Yes, the climate is in peril, and most of us are too busy to stop and look through the forest.

You see, in Vermont, we are protected, somewhat. Our proximity to Canada, always good, gives us a northern edge. Our Northeast Kingdom, in fact, is a world unto itself, teeming with trout, bears, wild and untamed mountains and bogs, and people who inhabit a world of slow living.

My view today on my hike in the hills above Brattleboro . . . Vermont at its finest with snow on the ground.

Down south, in Brattleboro where I live, we are linked to the urban cities of Boston and New York by proximity.

Given the impressive swath of our great state, how does one unify to face the impending climate catastrophe and shout out clear and loud to the rest of the world that we are a free, independent little state with a fierce and growing electorate who cares about our climate’s fragility and social justice?

Our migrant farm workers are a good example of the longstanding tradition of what makes Vermont so great: its people, farms, politicians like Bernie Sanders not afraid to speak up for the working people, artists like Ines Zeller and Eric Bass of Sandglass Theater in Putney who use theater to profligate a message of hope, and countless other writers and artists throughout the state.

Here is the link to write letters to support a Vermont dairy migrant worker who was picked up by border patrol and arrested (!): https://actionnetwork.org/letters/freefrancisco

Politics and art aside, what else is there to wake people up to taking a vocal and activist stand against the climate deniers who inhabit the White House?

How can we organize, especially since the election of the arch nemesis of President Obama thundered into the White House with his cellphone bleeping out annoying and inaccurate tweets that not only jeopardize our safety in the world, but the fragile environment we inhabit: our plants, trees, national parks, air and water.

Do the corporations care who plunder and pave roads and lay down pipelines filled with gas and oil, erect windmills on ridges that no one wants, deliver books by drones (someday) from warehouses that don’t even benefit the local economy?
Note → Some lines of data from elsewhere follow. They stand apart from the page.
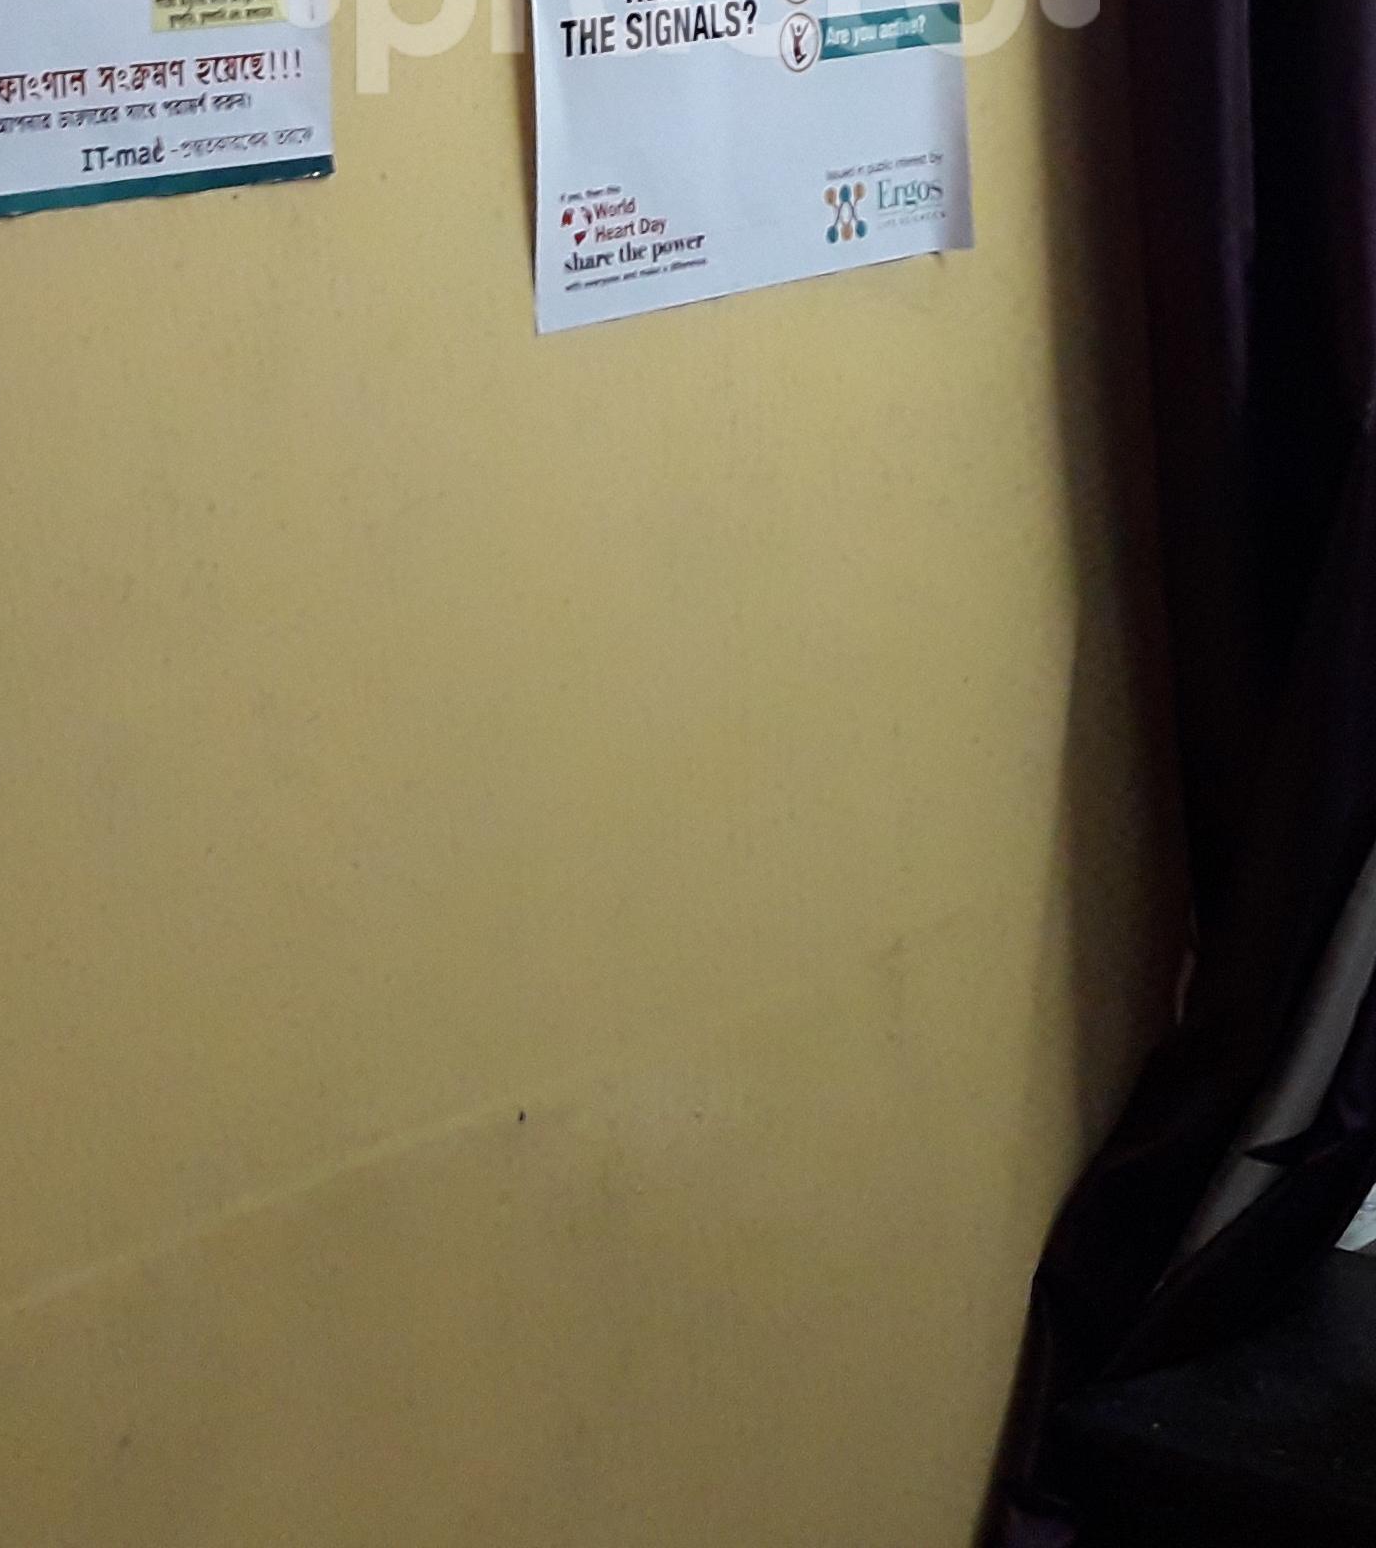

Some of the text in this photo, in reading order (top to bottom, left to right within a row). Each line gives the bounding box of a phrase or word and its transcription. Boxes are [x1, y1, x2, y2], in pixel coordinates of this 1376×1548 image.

[560, 0, 758, 57] THE SIGNALS?
[594, 197, 637, 219] World
[595, 217, 668, 243] Heart Day
[619, 241, 648, 264] the
[651, 234, 706, 263] power
Easy answer: greed is a problem for global sustainability.

Enter Bill Mares and Jeff Danziger, two Vermont friends who collaborated on a new book entitled “The Full Vermonty: Vermont in the Age of Trump” (Green Writers 2017), and Bill McKibben, the Schumann Distinguished Scholar in Environmental Studies at Middlebury College and an author, environmentalist, and co-founder of the international climate campaign 350.org that works in 188 countries around the world, with a new book called “Radio Free Vermont: A Tale of Resistance” (Blue Rider Press 2017). Let’s not overlook Brattleboro-area writer Peter Gould, one of the original back-to-the-landers in Guilford whose memoir of stories entitled “Horse-Drawn Yogurt: Stories from Total Loss Farm,” is filled with laugh-out-loud humor and poignancy.

Why am I hopeful about these activist writers making a difference in saving our environment? They are funny, that’s why!
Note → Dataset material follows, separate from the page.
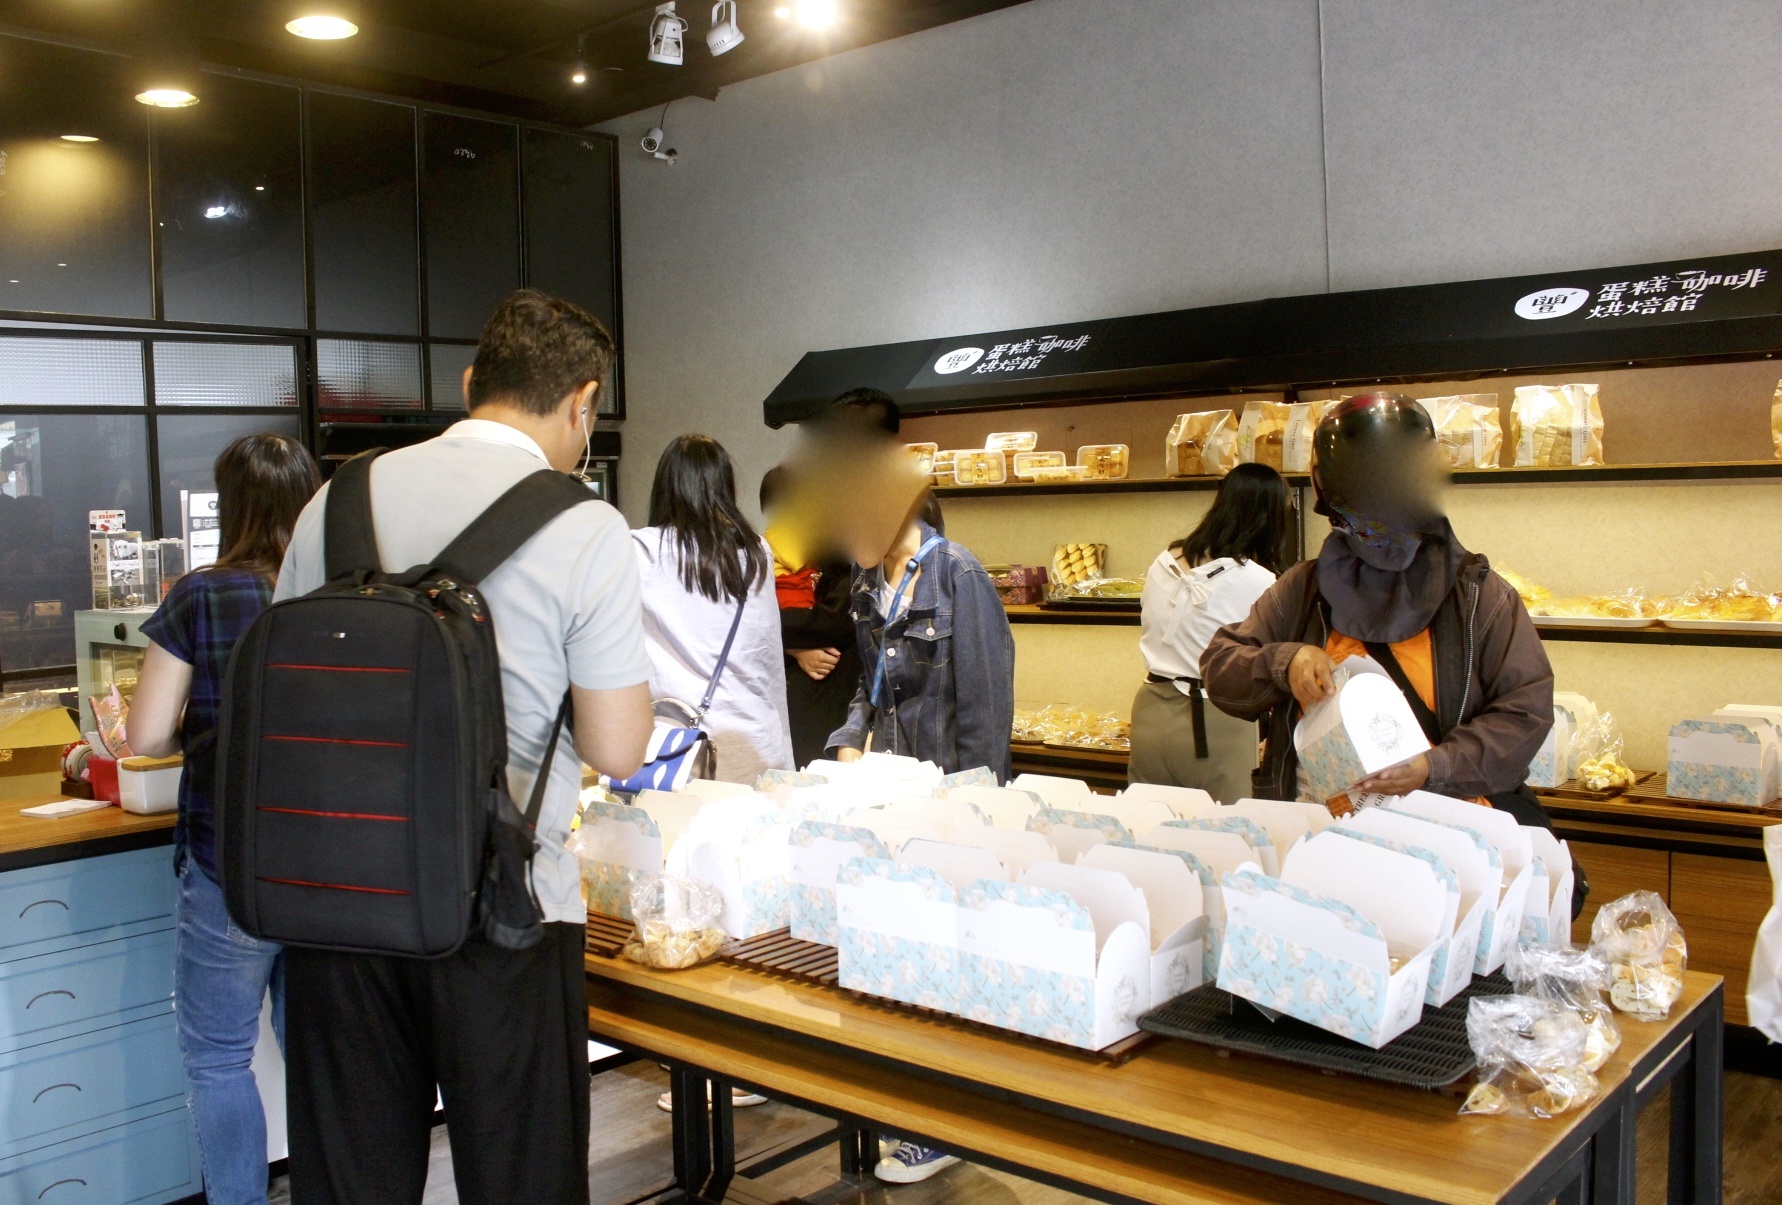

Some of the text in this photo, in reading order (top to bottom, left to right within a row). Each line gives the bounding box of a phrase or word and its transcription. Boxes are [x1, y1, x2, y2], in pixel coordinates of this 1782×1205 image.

[1597, 269, 1768, 303] 蛋糕咖啡
[1585, 293, 1704, 320] 烘焙館
[985, 335, 1092, 361] 蛋糕咖啡
[971, 354, 1047, 376] 烘焙館
God knows, it has been three decades since Bill McKibben wrote “The End of Nature”; and over three decades since I was a college student at Middlebury College determined to live in Vermont, start a family, a co-op, and dwell amongst a community of communards. Decades. What has happened to global warming? We all know the answer to that: just look at the weather news from the past year alone — tropical storms with the fiercest winds in history, fires burning out of control — and whether you believe in science or not, you will notice the bizarre weather conditions like winter cyclones with the words “bomb” in the title. Where did that come from, you wonder, as you huddle down in front of your wood stove with a good book.

The books I mention are all comedy, but there is one new book that is more of a tragedy and packs a wallop in its quiet and sustained story of a Vermont family and a daughter’s search for a heroin-addicted mother in the hills around Brattleboro during Tropical Storm Irene in 2011. That is Marlboro writer Robin MacArthur’s debut novel “Heart Spring Mountain,” newly published (Ecco Press). Brava to MacArthur, who uses her considerable talent as a writer to create a novel centered around climate change at its core, with a storm that remains fresh in our minds with the devastation it wrought.

Whether it be comedy, or tragedy, we all need to tell the story of the global climate crisis. These Vermont writers are doing just that.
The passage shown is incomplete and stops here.